On 25 August 2000 the plaintiff sought an order that the defendant and the third party pay the plaintiff’s costs of the proceeding to date. The defendant sought an order that the third party pay his costs of the proceeding to date. The third party sought an order that it should have its costs of and incidental to the trial on the question of liability against the plaintiff and also against the defendant notwithstanding the finding that the plaintiff is entitled to an order for damages to be assessed against the defendant and that the defendant is entitled to be indemnified by the third party.
It was agreed by all parties that I have the power to make each of the orders sought by each of the parties. The argument centred upon how I should exercise my discretion in the unusual circumstances of this case.

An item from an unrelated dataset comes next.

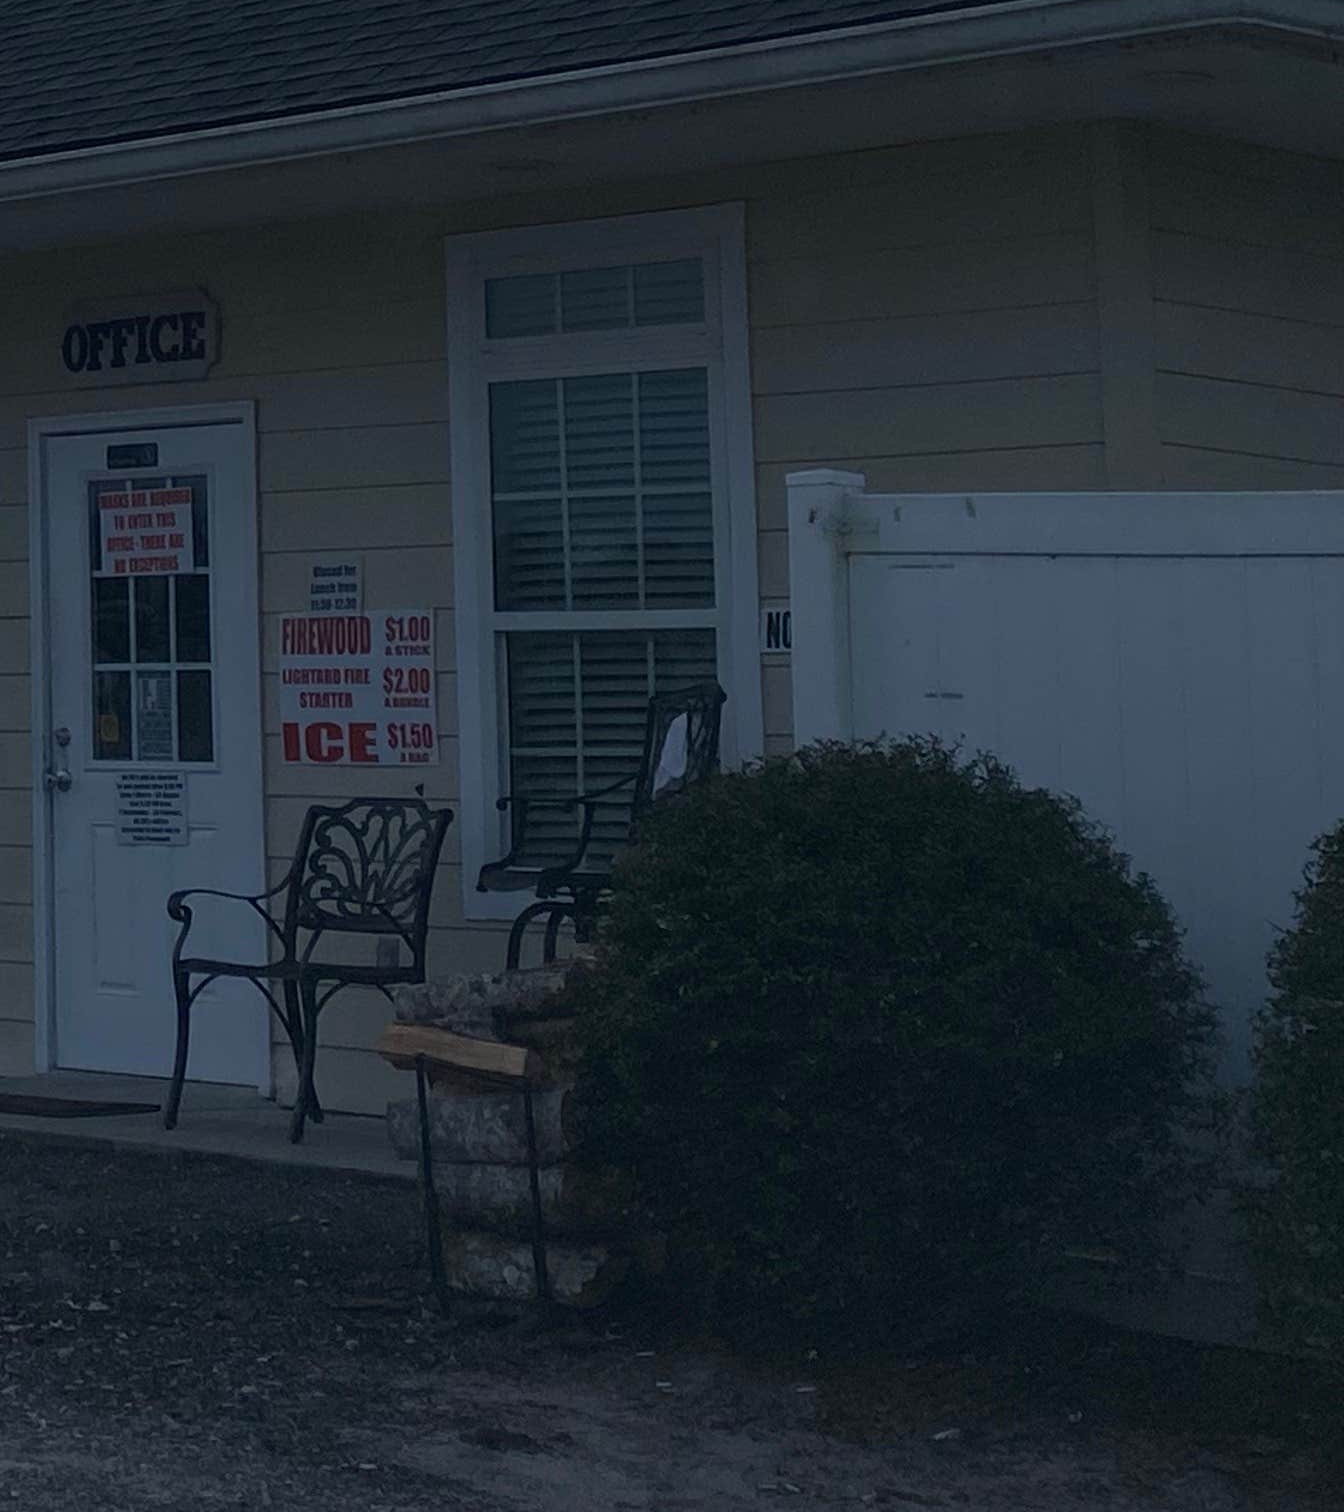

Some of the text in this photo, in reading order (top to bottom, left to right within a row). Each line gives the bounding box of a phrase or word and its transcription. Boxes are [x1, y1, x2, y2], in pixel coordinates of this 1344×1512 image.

I have a general discretion as to the awarding of costs. That discretion is absolute and unfettered except that it must be exercised judicially, not arbitrarily or capriciously or on grounds unconnected with the litigation: Donald Campbell & Co v Pollak (1927) AC 732; Cretazzo v Lombardi (1975) 13 SASR 4. However, as is acknowledged by each of the parties, the plaintiff was successful in his action against both parties and in the normal course would expect to receive his costs on the basis that costs follow the event: Hughes v Western Australian Cricket Association (Inc) & Others (1986) ATPR 40-748 at 48,136; Donald Campbell & Co v Pollak (supra at 812); Cretazzo v Lombardi (supra at 12).
It was the submission of the third party that there is discretion to deny a successful party the costs of an action. That is undoubtedly so: Cretazzo v Lombardi (supra at 12); Jones v NAALAS Inc (1986) 82 FLR 264. The discretion is not limited to depriving a successful defendant of his costs, it also extends to a successful plaintiff: Donald Campbell & Co v Pollak (supra at 822). In considering the exercise of the discretion it is appropriate to look at the conduct of the party in the litigation and also matters which led up to and were the occasion of the litigation: Bostock v Ramsey Urban Council (1900) 2 QB 616 at 622.
The third party went on to submit that, in the circumstances of this matter, special circumstances existed which should result in me depriving both the plaintiff and the defendant from obtaining the whole or part of the costs of the proceedings against the third party. The basis of that submission was that a review of the reasons for judgment demonstrates that the conduct of the plaintiff, the defendant and those associated with them, led the third party to the view that there was a defence properly open to it on the ground that the plaintiff was the driver, not the passenger, notwithstanding the defendant’s pleaded position. The conduct of the plaintiff, the defendant and their associates was dishonest when they initially claimed that the plaintiff was the driver of the vehicle and the defendant was the front seat passenger. Those people having assumed that position and then, as I found, subsequently having changed their story to maintain that the defendant was in fact the driver and the plaintiff the front seat passenger, left the third party in the position that it was necessary for it to test the claims made in order to determine which story was false. The third party said that the delay involved in it being made aware of the changed story meant that it was denied the opportunity to carry out relevant investigations in a prompt manner and, in some respects, at all. The evidence in this regard is contained in the affidavit of Michael Patrick North sworn 1 September 2000. I accept that investigation opportunities were lost.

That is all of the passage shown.